In the specification of the W3C for XML schema , 19 preset primitive data types (e.g. boolean, string, float, date and NOTATION ) and another 25 derived primitive data types (such as ID and integer ) are defined.

Simple guys

XML Schema provides some basic atomic data types. The atomic data types contain the "classic" types, as they are also partly specified in other type systems (e.g. C , Java or SQL ):

  • xs:string
  • xs:decimal
  • xs:integer
  • xs:float
  • xs:boolean
  • xs:date
  • xs:time

There are also other XML-specific atomic types, including:

  • QName: qualified name, globally unique identifier. Composed of so-called NCNames (Non-Colonized Names), each NCName to the last one namespace (namespace) , respectively. The last NCName corresponds to the local name within the namespace. The individual NCNames are combined to form a QName using a period (.) .
  • anyURI: Uniform Resource Identifier ( URI )
  • language: Language name, e.g. B. de-DE, en-US, fr
  • ID: Identification attribute within XML elements
  • IDREF: Reference to an ID value

Simple XML data types must neither contain XML child elements nor have XML attributes.

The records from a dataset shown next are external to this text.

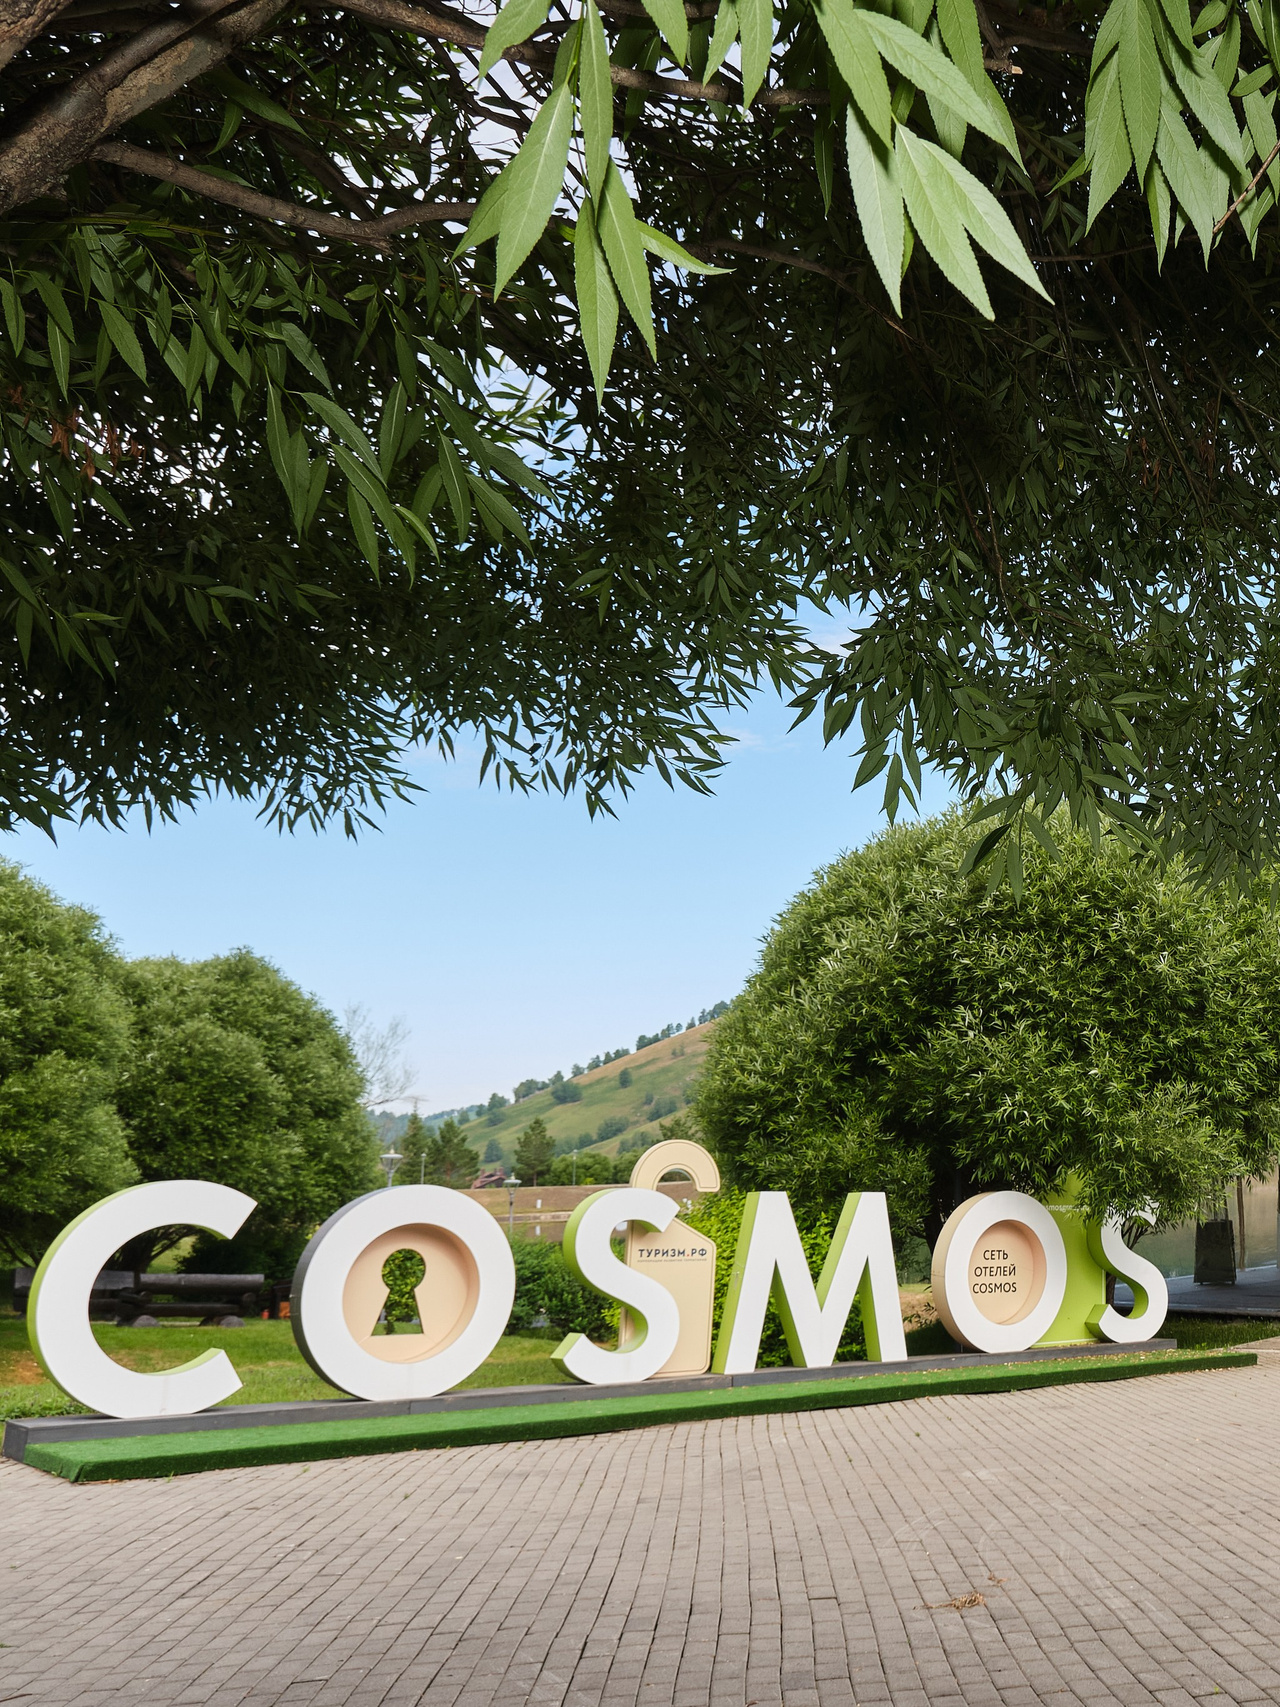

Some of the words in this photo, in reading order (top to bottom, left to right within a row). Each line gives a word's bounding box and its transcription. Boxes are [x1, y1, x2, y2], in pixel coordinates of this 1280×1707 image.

[638, 1248, 707, 1258] ТУРИЗМ.РФ
[983, 1249, 1009, 1261] СЕТЬ
[973, 1263, 1016, 1277] ОТЕЛЕЙ
[972, 1282, 1017, 1294] COSMOS
[29, 1179, 1169, 1418] COSMOS

In addition to the atomic data types, lists and unions (consisting of atomic elements and lists) belong to the simple types:

  • The following example defines a new XML data type with the name monatIntand a list of monatethis new type:
<xs:simpleType name="monatInt">
  <xs:restriction base="xs:integer">
    <xs:minInclusive value="1"/>
    <xs:maxInclusive value="12"/>
  </xs:restriction>
</xs:simpleType>
<xs:simpleType name="monate">
  <xs:list itemType="monatInt"/>
</xs:simpleType>

An instance of the new type could look like this:

<monate>
   1 2 3 4 5 6 7 8 9 10 11 12
</monate>

The individual elements of a list are separated by spaces (here: spaces).

  • The simple types also include so-called unions .

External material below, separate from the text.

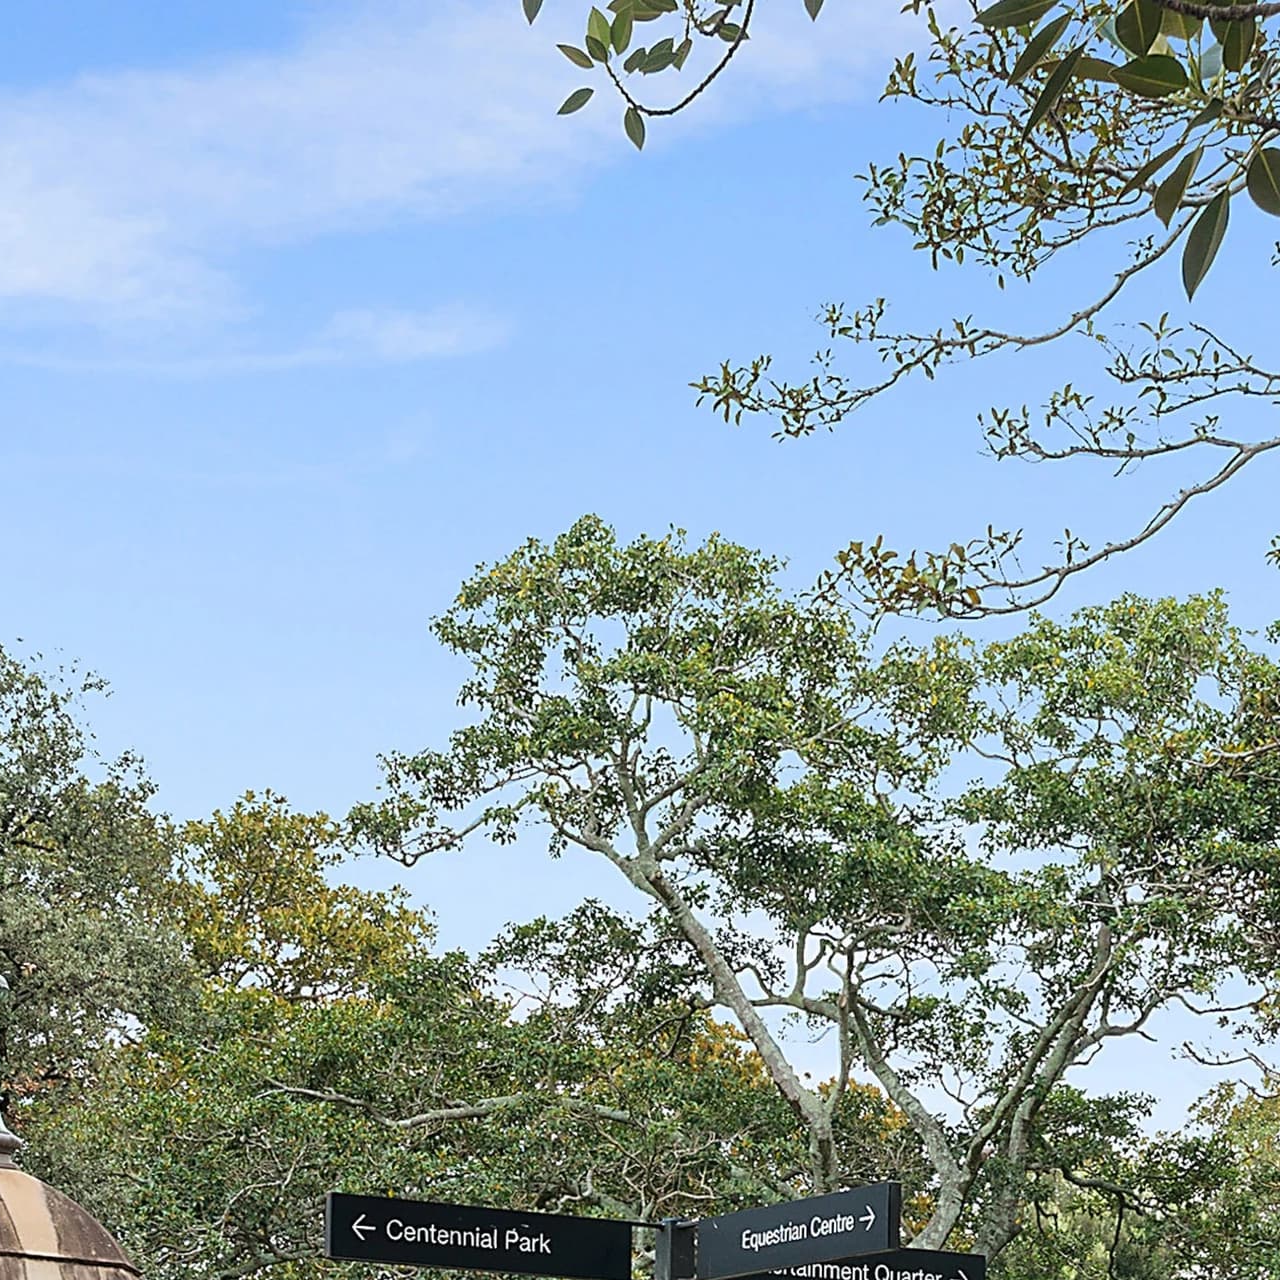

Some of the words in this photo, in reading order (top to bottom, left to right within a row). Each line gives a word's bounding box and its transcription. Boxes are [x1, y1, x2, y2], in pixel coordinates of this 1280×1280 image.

[386, 1219, 498, 1250] Centennial
[505, 1230, 552, 1254] Park
[741, 1221, 808, 1251] Equestrian
[810, 1214, 855, 1237] Centre

A new type is defined as the union of existing types. Each instance then chooses its type from this set. The following example defines a further type monatsnameand a union type monat:

<xs:simpleType name="monatsname">
  <xs:restriction base="xs:string">
    <xs:enumeration value="Jan"/>
    <xs:enumeration value="Feb"/>
    <xs:enumeration value="Mär"/>
    <!-- und so weiter … -->
  </xs:restriction>
</xs:simpleType>
<xs:simpleType name="monat">
  <xs:union memberTypes="monatsname monatInt"/>
</xs:simpleType>

XML elements of the type monatcan either contain integer values ​​in the range 1–12 or one of the corresponding month names as a character string. Valid instances are for example:

<monat>Jan</monat>
<monat>2</monat>

Complex types

In addition to the simple types, complex XML data type definitions offer the possibility of defining element structures together. Such structures can contain further elements and attributes.

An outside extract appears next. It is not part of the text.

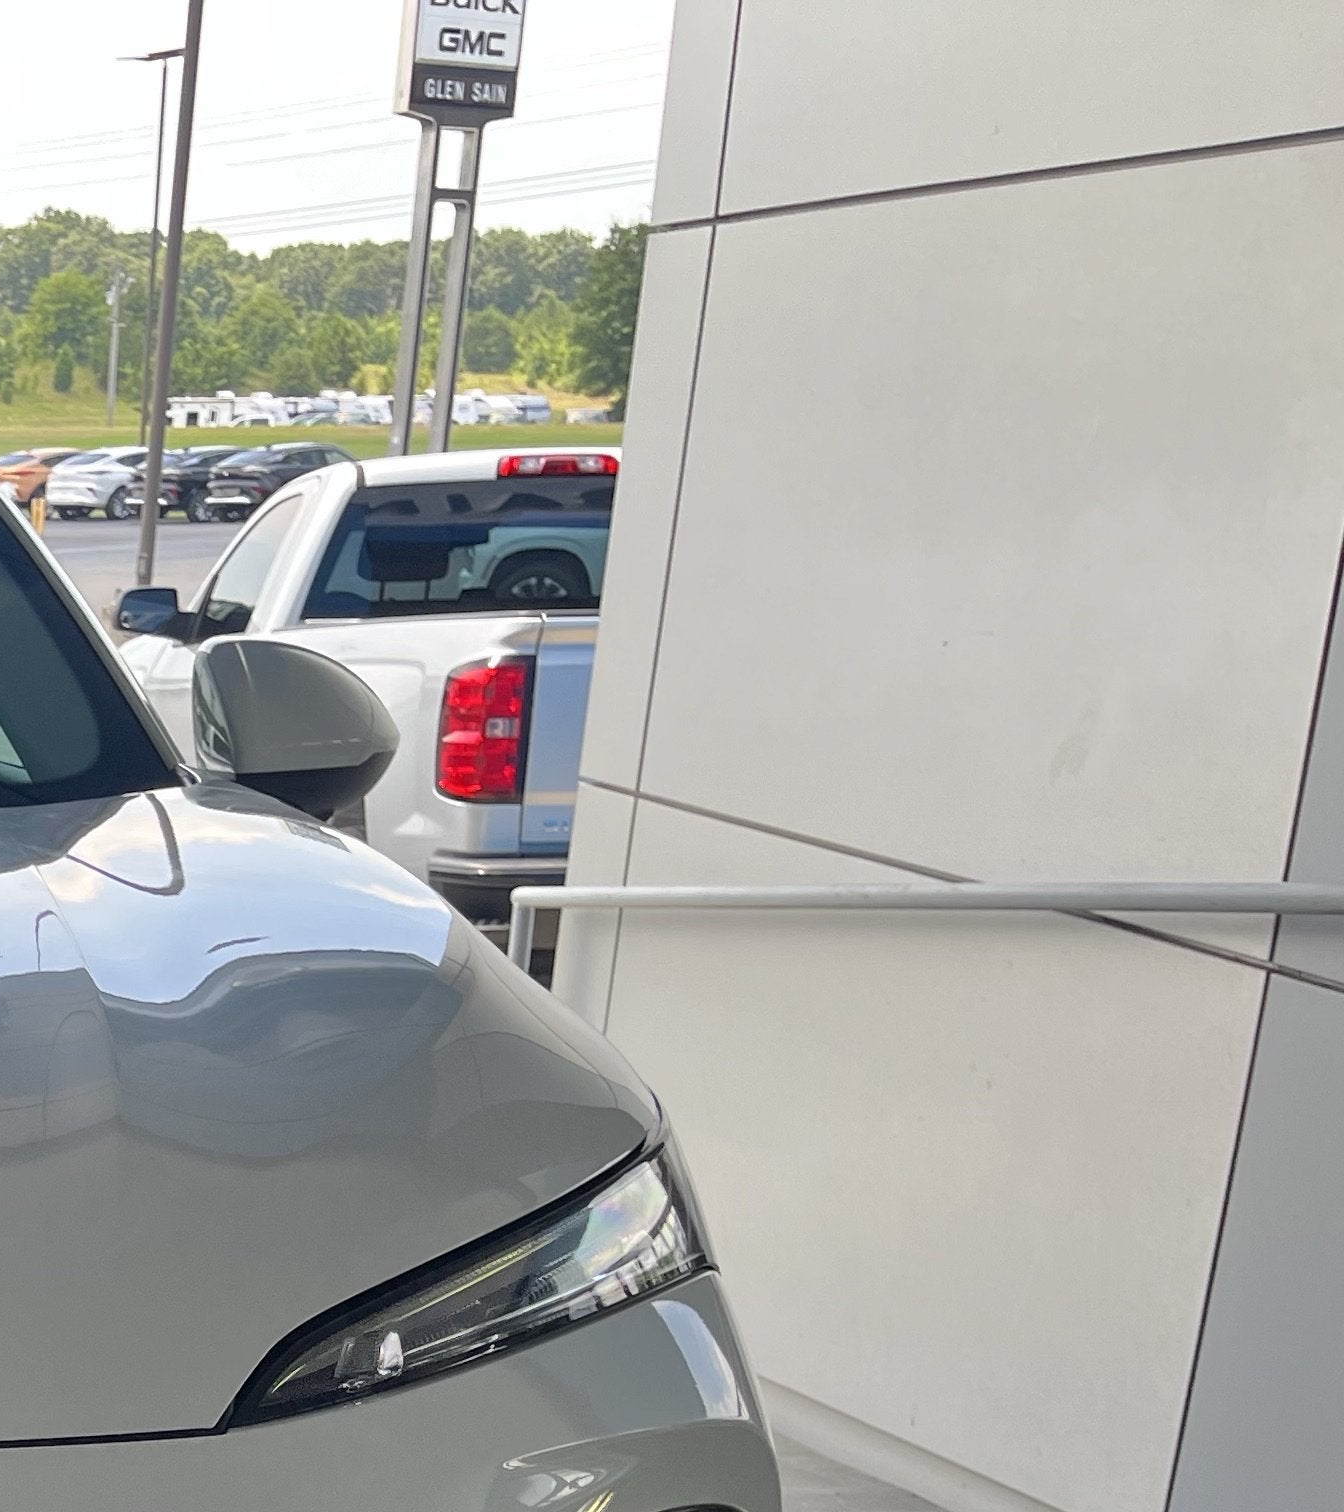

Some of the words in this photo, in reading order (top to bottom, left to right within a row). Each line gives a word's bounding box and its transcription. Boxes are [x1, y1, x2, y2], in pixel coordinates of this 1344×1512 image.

[430, 0, 520, 15] uick
[439, 27, 507, 56] GMC
[423, 78, 465, 101] GLEN
[471, 82, 507, 104] SAIN

The following example defines a new type pc-Typwith corresponding child elements name, herstelleretc., as well as an attribute id:

<xs:complexType name="pc-Typ">
  <xs:sequence>
    <xs:element name="name"       type="xs:string"/>
    <xs:element name="hersteller" type="xs:string"/>
    <xs:element name="prozessor"  type="xs:string"/>
    <xs:element name="mhz"        type="xs:integer" minOccurs="0"/>
    <xs:element name="kommentar"  type="xs:string"  minOccurs="0" maxOccurs="unbounded"/>
  </xs:sequence>
  <xs:attribute name="id" type="xs:integer"/>
</xs:complexType>

The options for defining complex types are only explained here as examples. The interested reader is referred to the links to the W3C website given below.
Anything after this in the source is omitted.